DESTROYING THE REALITY.

Realness, not realism, is the key-note of the power of some of the master-pieces of fiction in our language. That subtle force developed in the character, in his acts, his speech, his surroundings, and his life, seizes us like a spell and makes us forget he is but a shadow of words-a creation formed in type. We take him to our hearts to love and to cherish, to watch over and to be with us ever. We rejoice in his success as if it were a personal triumph; his fortune becomes ours; his fame throws its light over our pathway; and, if he be cast down, a sadness we cannot explain steals over our own hearts.

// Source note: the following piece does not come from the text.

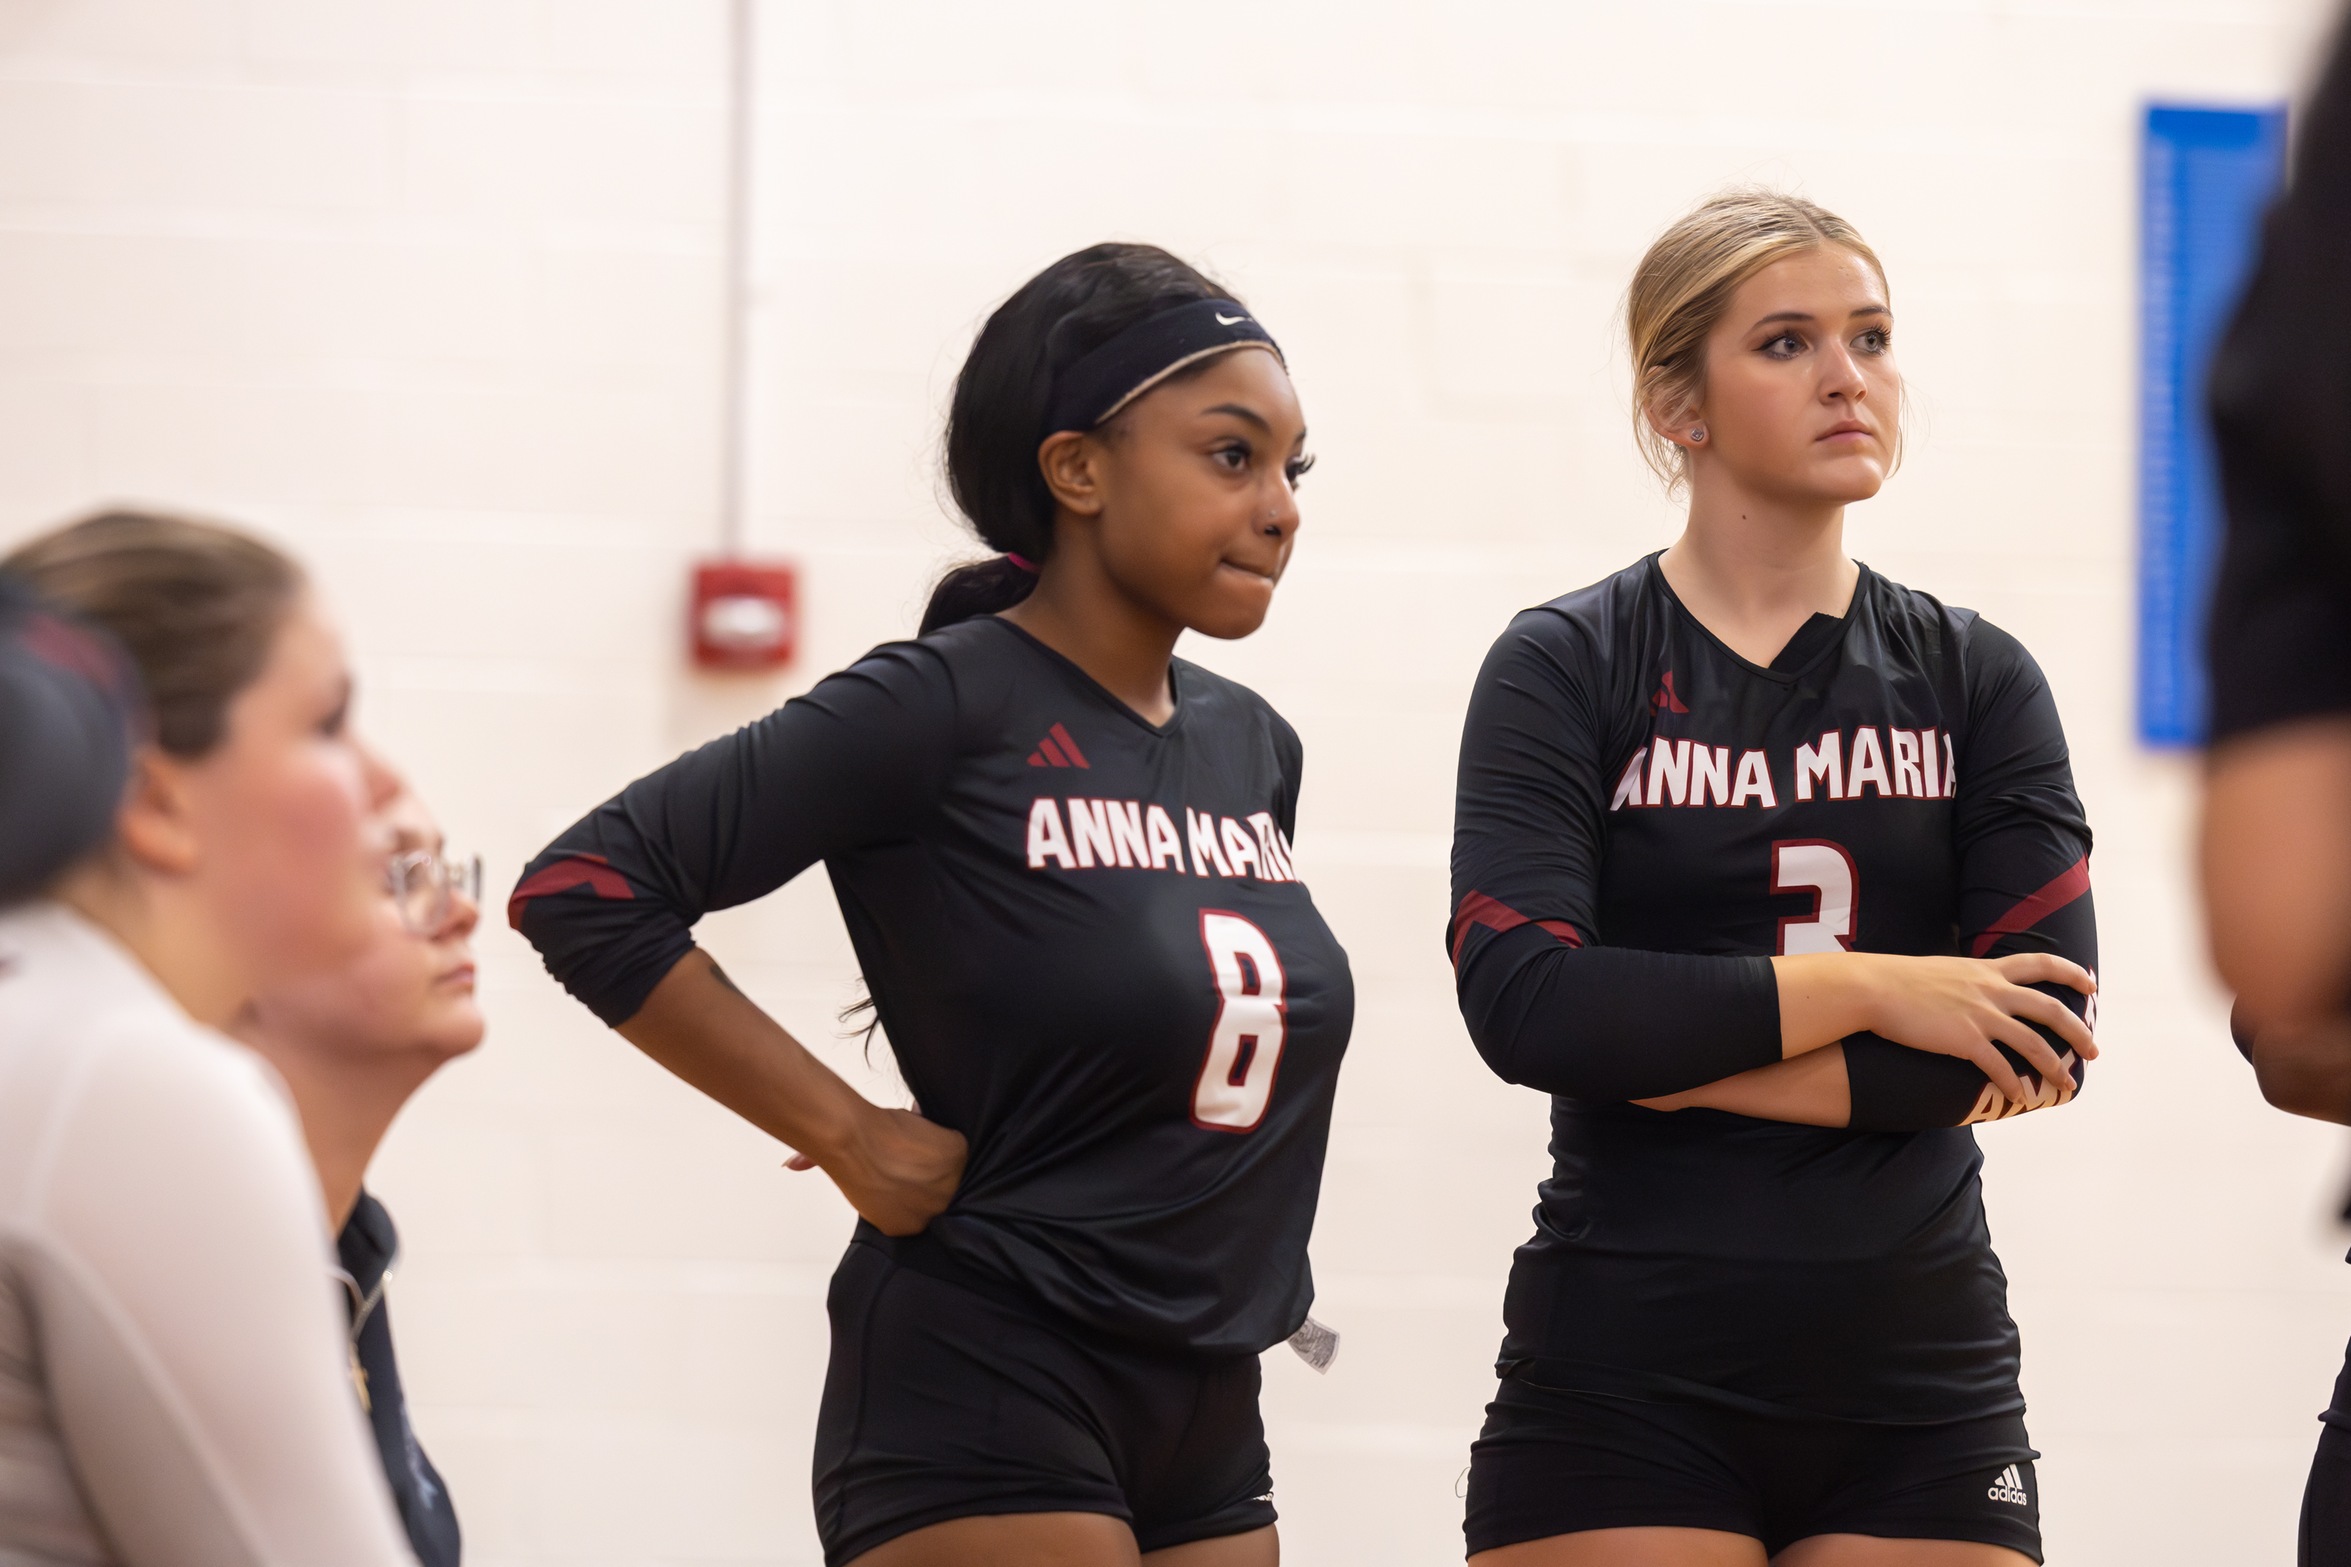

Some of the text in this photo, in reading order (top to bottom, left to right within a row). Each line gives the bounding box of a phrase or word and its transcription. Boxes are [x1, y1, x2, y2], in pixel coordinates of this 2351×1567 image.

If he be a wicked character whom the genius of the author has made us believe we know, the hot blood mantles our cheek at his evil acts; we rebel against his injustice; and we long to thwart his machinations and diabolical intrigues. The realness is so powerful, we forget that a sheet of paper separates him from our wrath. It becomes a personal matter with us; and, friend or foe, our feelings are equally involved. As we gather round the death-bed of our dear Col. Newcome, see the sad, sweet smile shine on his face; hear his answer "adsum" to the call of the angel of death; watch the lamp of life wane, flicker, and then go out into eternal darkness; we turn away brokenhearted from the bed-side, for a dear friend has died. He is alone-Mr. Thackeray, the author, is nowhere to be seen.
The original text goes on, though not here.